Mobile systems exploded from nothing to become the crucial part of every company's customer experience strategy overnight. Add now add 3D printing, virtual reality and robotics to the mix, too. Full-on. It's all converging and recombining into something we've never seen before. And that's beyond exciting.
We've entered an era where a company's success no longer hinges as it once did on crafting one perfectly controlled 'story' defined by one dominant channel. Instead, people now seek coherent information and responsive experiences that enrich their lives - everywhere. Is Uber transportation or a brilliant interface? Is Oculus Rift branded content, gaming, technology or an environment?
It's all of it. You can't pull it apart.
Here's the business implication: Nobody is competing with each other anymore. We're all in competition with the future.
Can you give some insight into the typographic treatment used for the Spotify visual language?

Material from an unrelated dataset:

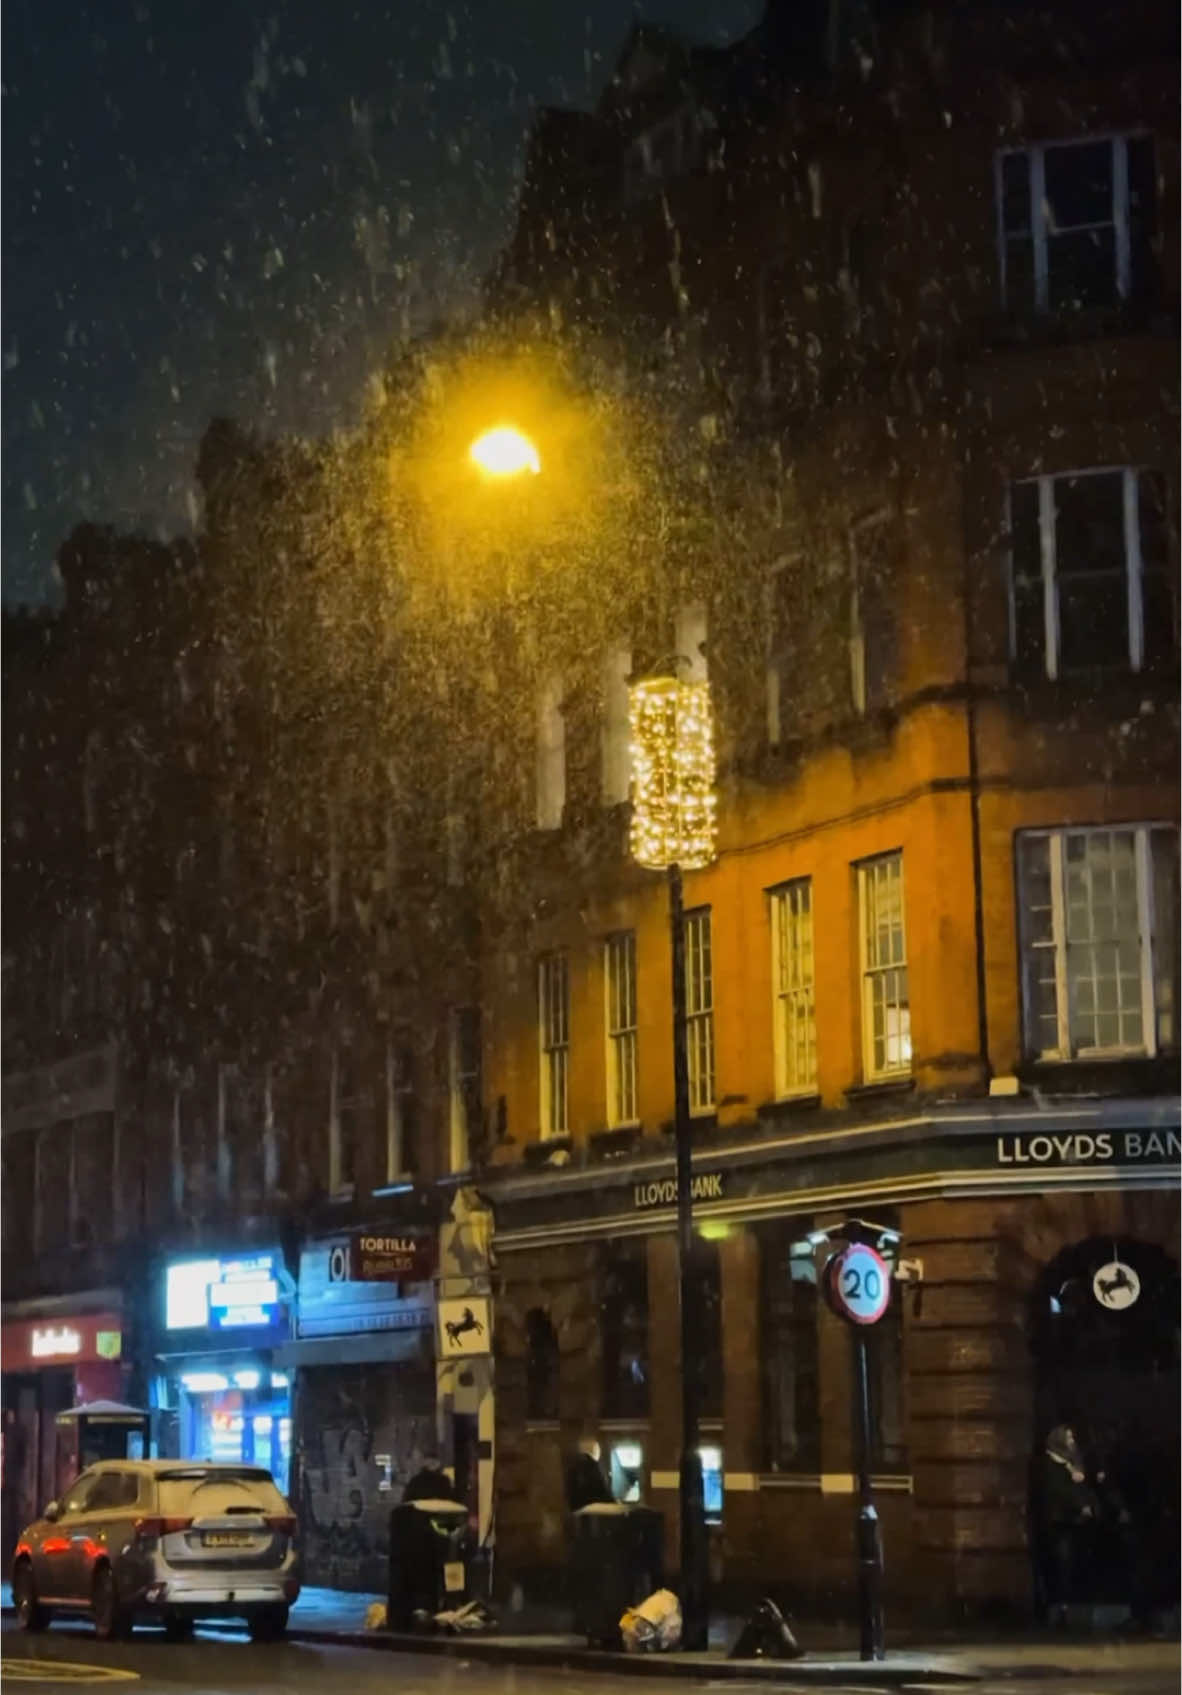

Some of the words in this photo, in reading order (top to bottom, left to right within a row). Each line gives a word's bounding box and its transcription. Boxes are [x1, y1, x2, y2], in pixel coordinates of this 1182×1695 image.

Along with creating the brand design platform and language, photography and illustration styles - we wanted to unify the brand through a single, tailored typeface.

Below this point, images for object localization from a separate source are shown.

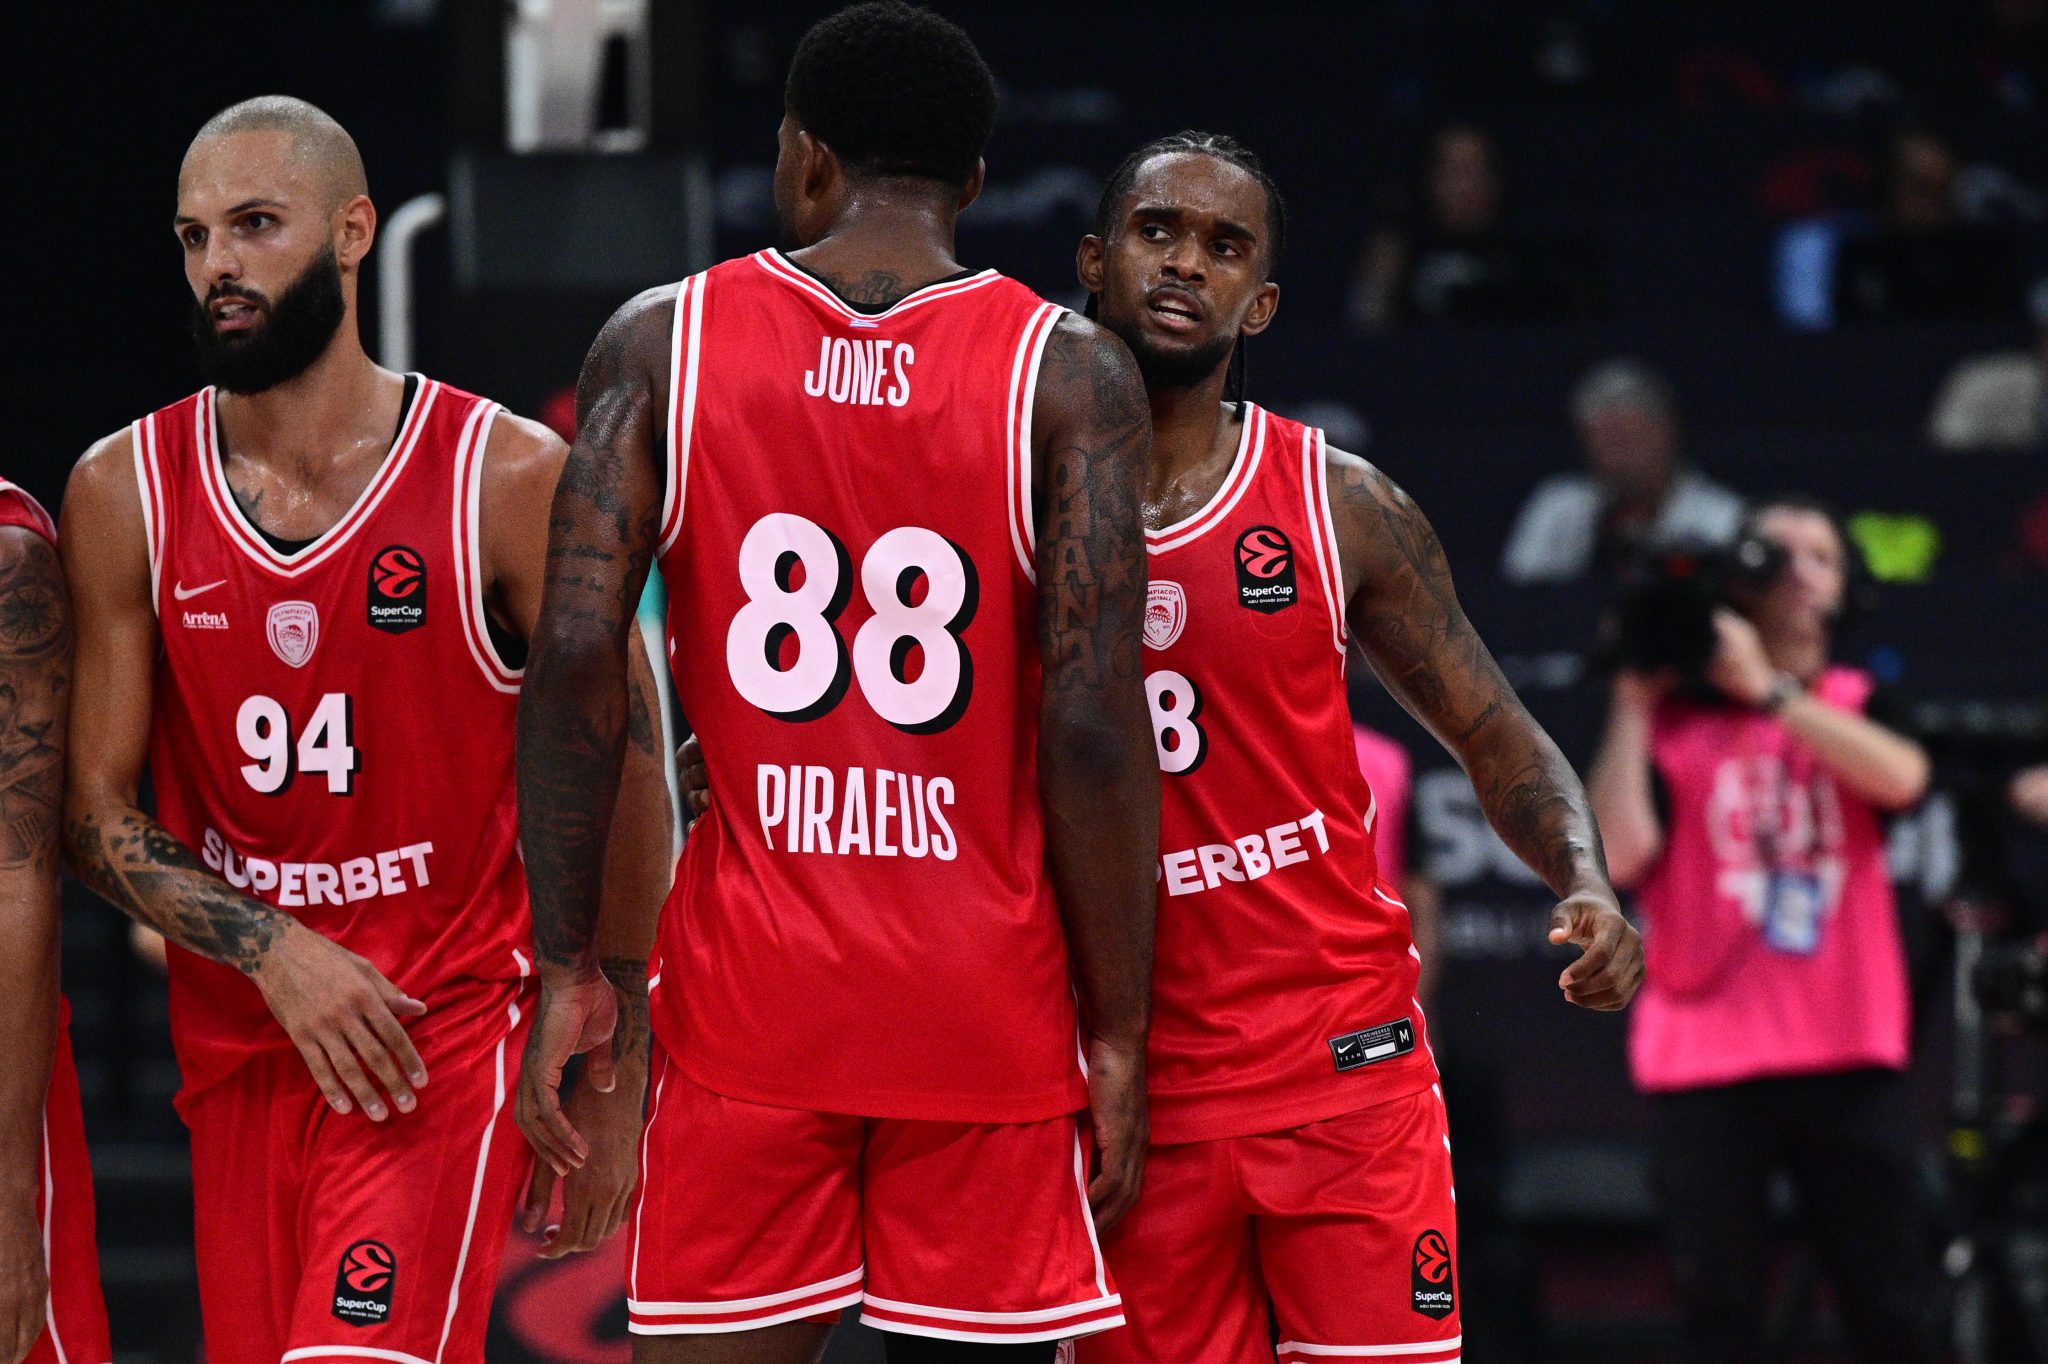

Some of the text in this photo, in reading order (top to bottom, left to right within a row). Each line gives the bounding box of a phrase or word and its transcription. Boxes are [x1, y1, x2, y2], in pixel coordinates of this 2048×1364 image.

[804, 336, 914, 407] JONES
[371, 605, 422, 617] SuperCup
[727, 512, 976, 731] 88
[1242, 585, 1293, 597] SuperCup
[236, 692, 358, 795] 94
[1145, 670, 1206, 775] 8
[757, 763, 958, 861] PIRAEUS
[202, 827, 433, 907] SUPERBET
[1156, 808, 1330, 897] ERBET
[1339, 1052, 1361, 1062] TEAM
[1399, 1028, 1410, 1043] M
[336, 1296, 387, 1313] SuperCup
[1415, 1291, 1452, 1303] SuperCup

So we worked closely with the font foundry Lineto to create customised versions of their superb fonts in 'Circular'. We wanted to ensure our typography had a clean, muscular voice to support this intense, new brand expression. Through the typography we unified the Spotify experience across mobile, web, environments and advertising.

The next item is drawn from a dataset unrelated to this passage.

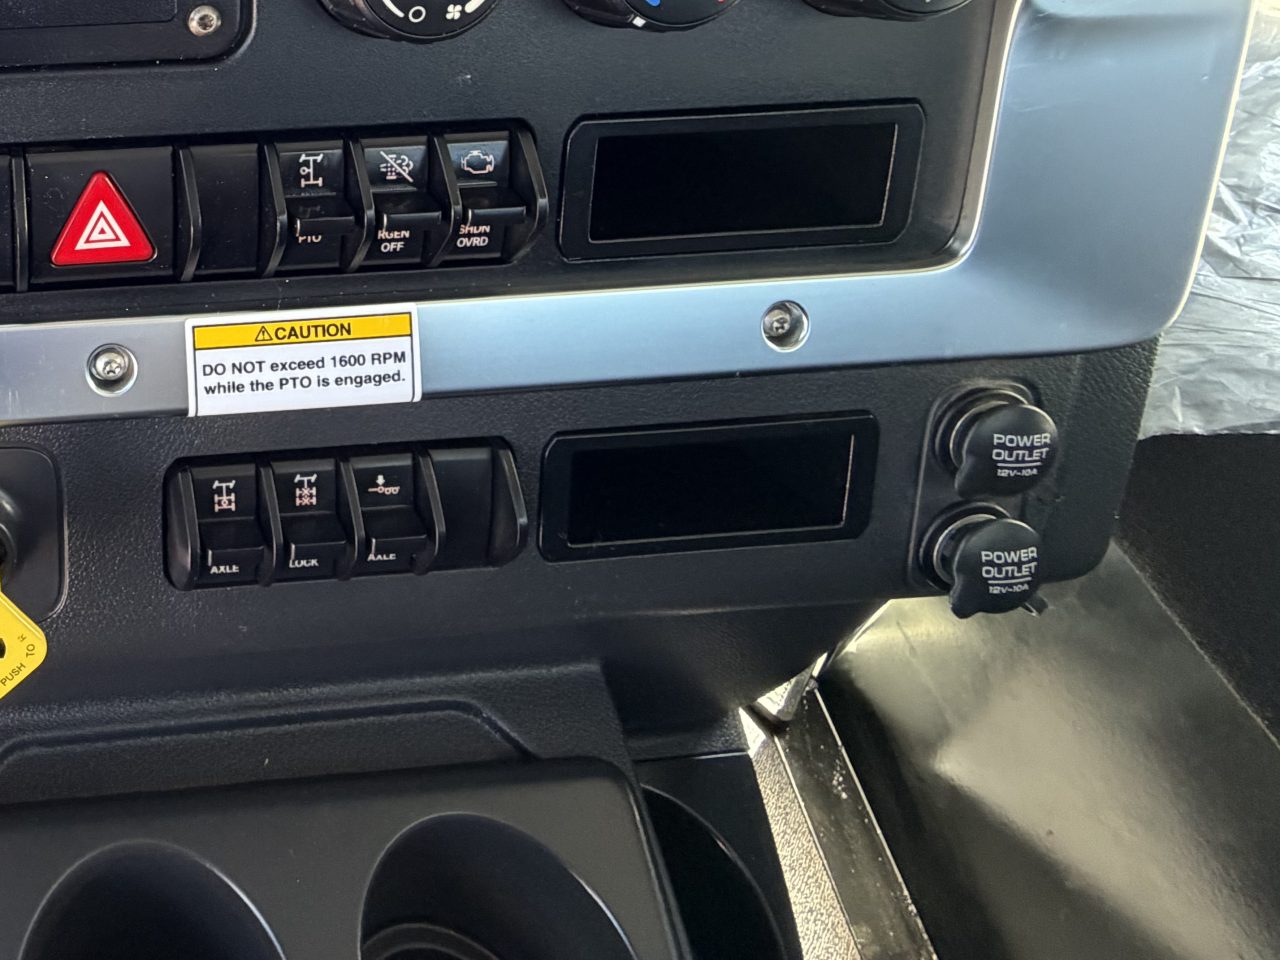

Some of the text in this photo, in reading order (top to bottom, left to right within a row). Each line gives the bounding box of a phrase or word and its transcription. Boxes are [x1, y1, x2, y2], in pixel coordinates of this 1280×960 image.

Big ups to Benjamin Crick, Christian Widlic, Gabe Benzur, Seth Mrozcka and my Co-Founder Leland Maschmeyer for this work.
What is your dream branding project?
What we're doing right now. Designing responsive environments at retail. Building new products. Revitalising a legendary brand. Working with Airbnb. Chubb. Coca-Cola. Everlane. Facebook. Instagram. The Guggenheim. And Target.
Also The Muppets. But that's a story for another day. Miss Piggy is picky about her press.
I guess the best definition of what excites us most comes from a thought from Edgar Degas. 'Art is not what you see, but what you make others see'. Every project we're doing seeks to embody that ideal: what can we better enable people to understand or do?
How do you feel about the current design scene in New York?
I lived as an art student here in the very early - and outrageous - 1980s. I lived in Union Square. The words urban decay, gritty and deadly don’t even come close. One morning my roommates and I walked out of our lobby to get to school and stumbled across a body spread over the 14th Street sidewalk. The guy had been shot. Recently.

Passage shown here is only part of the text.